• _Raw data_
○ ○ ○ ○

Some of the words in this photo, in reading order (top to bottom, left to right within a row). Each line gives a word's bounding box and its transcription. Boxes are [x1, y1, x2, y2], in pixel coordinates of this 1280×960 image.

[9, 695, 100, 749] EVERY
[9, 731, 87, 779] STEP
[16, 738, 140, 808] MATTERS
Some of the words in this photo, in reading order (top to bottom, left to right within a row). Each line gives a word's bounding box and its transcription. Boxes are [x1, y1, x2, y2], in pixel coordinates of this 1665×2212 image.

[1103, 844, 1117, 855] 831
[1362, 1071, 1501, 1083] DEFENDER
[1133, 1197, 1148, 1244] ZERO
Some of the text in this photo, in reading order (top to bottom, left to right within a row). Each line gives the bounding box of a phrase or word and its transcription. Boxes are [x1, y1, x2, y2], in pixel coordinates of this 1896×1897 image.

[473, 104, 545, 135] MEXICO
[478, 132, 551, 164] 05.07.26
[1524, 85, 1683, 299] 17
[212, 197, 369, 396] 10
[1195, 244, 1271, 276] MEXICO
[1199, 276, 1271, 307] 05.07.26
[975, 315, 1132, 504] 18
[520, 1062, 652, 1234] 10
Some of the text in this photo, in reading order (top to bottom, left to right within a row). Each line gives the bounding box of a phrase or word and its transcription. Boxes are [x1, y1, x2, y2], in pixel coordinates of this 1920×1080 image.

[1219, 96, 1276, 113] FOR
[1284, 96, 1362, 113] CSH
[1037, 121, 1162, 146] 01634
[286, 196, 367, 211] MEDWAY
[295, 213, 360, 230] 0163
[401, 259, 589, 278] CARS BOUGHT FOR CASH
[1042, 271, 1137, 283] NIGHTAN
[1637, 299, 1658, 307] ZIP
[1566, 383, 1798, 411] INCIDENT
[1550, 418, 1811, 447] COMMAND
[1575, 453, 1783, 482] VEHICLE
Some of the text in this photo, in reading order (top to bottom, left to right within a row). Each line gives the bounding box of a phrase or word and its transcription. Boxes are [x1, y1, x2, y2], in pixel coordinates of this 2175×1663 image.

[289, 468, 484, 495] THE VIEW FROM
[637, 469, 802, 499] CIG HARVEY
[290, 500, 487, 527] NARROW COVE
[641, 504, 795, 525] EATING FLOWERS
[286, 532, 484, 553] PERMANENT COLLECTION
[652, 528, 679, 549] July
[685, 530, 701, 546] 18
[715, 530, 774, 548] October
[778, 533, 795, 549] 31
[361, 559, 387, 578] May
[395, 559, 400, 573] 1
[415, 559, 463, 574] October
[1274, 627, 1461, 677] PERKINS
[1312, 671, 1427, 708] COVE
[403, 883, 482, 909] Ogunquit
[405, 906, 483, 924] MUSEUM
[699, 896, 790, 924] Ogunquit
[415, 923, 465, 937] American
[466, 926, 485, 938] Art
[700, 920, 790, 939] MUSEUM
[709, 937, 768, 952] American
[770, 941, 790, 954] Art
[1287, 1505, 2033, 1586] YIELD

○ ○ ○ ○

• _Task statement_
Copy every line of the material exactly, keeping all of it.

• _Final answer_
Some of the words in this photo, in reading order (top to bottom, left to right within a row). Each line gives a word's bounding box and its transcription. Boxes are [x1, y1, x2, y2], in pixel coordinates of this 1280×960 image.

[9, 695, 100, 749] EVERY
[9, 731, 87, 779] STEP
[16, 738, 140, 808] MATTERS
Some of the words in this photo, in reading order (top to bottom, left to right within a row). Each line gives a word's bounding box and its transcription. Boxes are [x1, y1, x2, y2], in pixel coordinates of this 1665×2212 image.

[1103, 844, 1117, 855] 831
[1362, 1071, 1501, 1083] DEFENDER
[1133, 1197, 1148, 1244] ZERO
Some of the text in this photo, in reading order (top to bottom, left to right within a row). Each line gives the bounding box of a phrase or word and its transcription. Boxes are [x1, y1, x2, y2], in pixel coordinates of this 1896×1897 image.

[473, 104, 545, 135] MEXICO
[478, 132, 551, 164] 05.07.26
[1524, 85, 1683, 299] 17
[212, 197, 369, 396] 10
[1195, 244, 1271, 276] MEXICO
[1199, 276, 1271, 307] 05.07.26
[975, 315, 1132, 504] 18
[520, 1062, 652, 1234] 10
Some of the text in this photo, in reading order (top to bottom, left to right within a row). Each line gives the bounding box of a phrase or word and its transcription. Boxes are [x1, y1, x2, y2], in pixel coordinates of this 1920×1080 image.

[1219, 96, 1276, 113] FOR
[1284, 96, 1362, 113] CSH
[1037, 121, 1162, 146] 01634
[286, 196, 367, 211] MEDWAY
[295, 213, 360, 230] 0163
[401, 259, 589, 278] CARS BOUGHT FOR CASH
[1042, 271, 1137, 283] NIGHTAN
[1637, 299, 1658, 307] ZIP
[1566, 383, 1798, 411] INCIDENT
[1550, 418, 1811, 447] COMMAND
[1575, 453, 1783, 482] VEHICLE
Some of the text in this photo, in reading order (top to bottom, left to right within a row). Each line gives the bounding box of a phrase or word and its transcription. Boxes are [x1, y1, x2, y2], in pixel coordinates of this 2175×1663 image.

[289, 468, 484, 495] THE VIEW FROM
[637, 469, 802, 499] CIG HARVEY
[290, 500, 487, 527] NARROW COVE
[641, 504, 795, 525] EATING FLOWERS
[286, 532, 484, 553] PERMANENT COLLECTION
[652, 528, 679, 549] July
[685, 530, 701, 546] 18
[715, 530, 774, 548] October
[778, 533, 795, 549] 31
[361, 559, 387, 578] May
[395, 559, 400, 573] 1
[415, 559, 463, 574] October
[1274, 627, 1461, 677] PERKINS
[1312, 671, 1427, 708] COVE
[403, 883, 482, 909] Ogunquit
[405, 906, 483, 924] MUSEUM
[699, 896, 790, 924] Ogunquit
[415, 923, 465, 937] American
[466, 926, 485, 938] Art
[700, 920, 790, 939] MUSEUM
[709, 937, 768, 952] American
[770, 941, 790, 954] Art
[1287, 1505, 2033, 1586] YIELD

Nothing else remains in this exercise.